● **Action item**
Through the last line of the entries, please copy every line exactly, starting with the one that contains "this 1904×1428 image.".

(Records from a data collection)
==*==
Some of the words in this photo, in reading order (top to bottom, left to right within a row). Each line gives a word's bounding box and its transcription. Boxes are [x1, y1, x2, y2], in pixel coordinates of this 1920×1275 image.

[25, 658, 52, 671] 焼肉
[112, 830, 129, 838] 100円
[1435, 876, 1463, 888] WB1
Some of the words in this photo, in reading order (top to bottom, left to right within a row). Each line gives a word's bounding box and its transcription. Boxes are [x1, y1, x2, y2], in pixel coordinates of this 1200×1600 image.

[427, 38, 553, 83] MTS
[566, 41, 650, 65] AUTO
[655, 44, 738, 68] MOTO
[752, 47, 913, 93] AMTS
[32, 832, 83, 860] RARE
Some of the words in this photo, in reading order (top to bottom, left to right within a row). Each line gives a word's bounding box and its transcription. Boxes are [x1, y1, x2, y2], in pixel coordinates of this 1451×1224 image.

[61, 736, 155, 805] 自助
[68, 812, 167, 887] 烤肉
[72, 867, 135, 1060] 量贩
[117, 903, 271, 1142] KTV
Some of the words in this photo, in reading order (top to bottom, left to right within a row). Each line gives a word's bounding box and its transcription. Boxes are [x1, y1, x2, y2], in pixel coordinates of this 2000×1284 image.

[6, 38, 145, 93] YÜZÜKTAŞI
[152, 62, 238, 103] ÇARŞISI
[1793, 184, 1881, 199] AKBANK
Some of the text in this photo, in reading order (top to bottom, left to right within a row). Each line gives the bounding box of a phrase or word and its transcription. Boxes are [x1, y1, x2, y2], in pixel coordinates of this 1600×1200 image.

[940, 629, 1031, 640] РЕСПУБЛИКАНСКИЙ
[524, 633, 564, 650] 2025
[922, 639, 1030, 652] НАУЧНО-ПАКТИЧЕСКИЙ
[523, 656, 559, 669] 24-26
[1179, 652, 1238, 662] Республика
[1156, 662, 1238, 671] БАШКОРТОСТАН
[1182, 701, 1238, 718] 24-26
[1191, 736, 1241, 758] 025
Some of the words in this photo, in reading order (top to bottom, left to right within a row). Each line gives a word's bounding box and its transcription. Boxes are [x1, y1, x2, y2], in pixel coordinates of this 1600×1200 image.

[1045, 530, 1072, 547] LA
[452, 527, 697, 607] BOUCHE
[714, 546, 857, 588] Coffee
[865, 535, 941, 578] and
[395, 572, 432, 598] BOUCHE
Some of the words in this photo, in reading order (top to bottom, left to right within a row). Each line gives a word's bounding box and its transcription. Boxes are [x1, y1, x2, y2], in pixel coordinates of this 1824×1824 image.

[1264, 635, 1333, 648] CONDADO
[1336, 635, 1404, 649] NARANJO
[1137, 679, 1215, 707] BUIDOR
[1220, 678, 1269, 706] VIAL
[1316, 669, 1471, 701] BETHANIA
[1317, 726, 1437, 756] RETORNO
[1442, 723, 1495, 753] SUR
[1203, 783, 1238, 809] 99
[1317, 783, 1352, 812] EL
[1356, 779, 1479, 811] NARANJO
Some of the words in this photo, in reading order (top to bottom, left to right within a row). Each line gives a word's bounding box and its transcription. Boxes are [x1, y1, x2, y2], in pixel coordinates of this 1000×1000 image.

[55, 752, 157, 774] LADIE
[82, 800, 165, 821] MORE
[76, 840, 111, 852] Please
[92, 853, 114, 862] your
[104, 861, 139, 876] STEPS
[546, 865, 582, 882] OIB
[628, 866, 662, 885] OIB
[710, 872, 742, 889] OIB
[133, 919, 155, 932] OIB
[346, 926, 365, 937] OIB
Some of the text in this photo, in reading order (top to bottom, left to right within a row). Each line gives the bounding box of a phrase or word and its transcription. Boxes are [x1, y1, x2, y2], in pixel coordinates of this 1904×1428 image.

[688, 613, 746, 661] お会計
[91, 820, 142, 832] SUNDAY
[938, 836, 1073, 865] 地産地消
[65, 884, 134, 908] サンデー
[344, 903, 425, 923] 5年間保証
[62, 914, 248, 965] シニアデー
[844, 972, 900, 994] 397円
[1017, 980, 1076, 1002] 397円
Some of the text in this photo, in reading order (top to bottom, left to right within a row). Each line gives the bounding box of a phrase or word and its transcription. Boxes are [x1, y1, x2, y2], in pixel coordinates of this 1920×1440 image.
==*==
● **Solution to the exercise**
Some of the text in this photo, in reading order (top to bottom, left to right within a row). Each line gives the bounding box of a phrase or word and its transcription. Boxes are [x1, y1, x2, y2], in pixel coordinates of this 1904×1428 image.

[688, 613, 746, 661] お会計
[91, 820, 142, 832] SUNDAY
[938, 836, 1073, 865] 地産地消
[65, 884, 134, 908] サンデー
[344, 903, 425, 923] 5年間保証
[62, 914, 248, 965] シニアデー
[844, 972, 900, 994] 397円
[1017, 980, 1076, 1002] 397円
Some of the text in this photo, in reading order (top to bottom, left to right within a row). Each line gives the bounding box of a phrase or word and its transcription. Boxes are [x1, y1, x2, y2], in pixel coordinates of this 1920×1440 image.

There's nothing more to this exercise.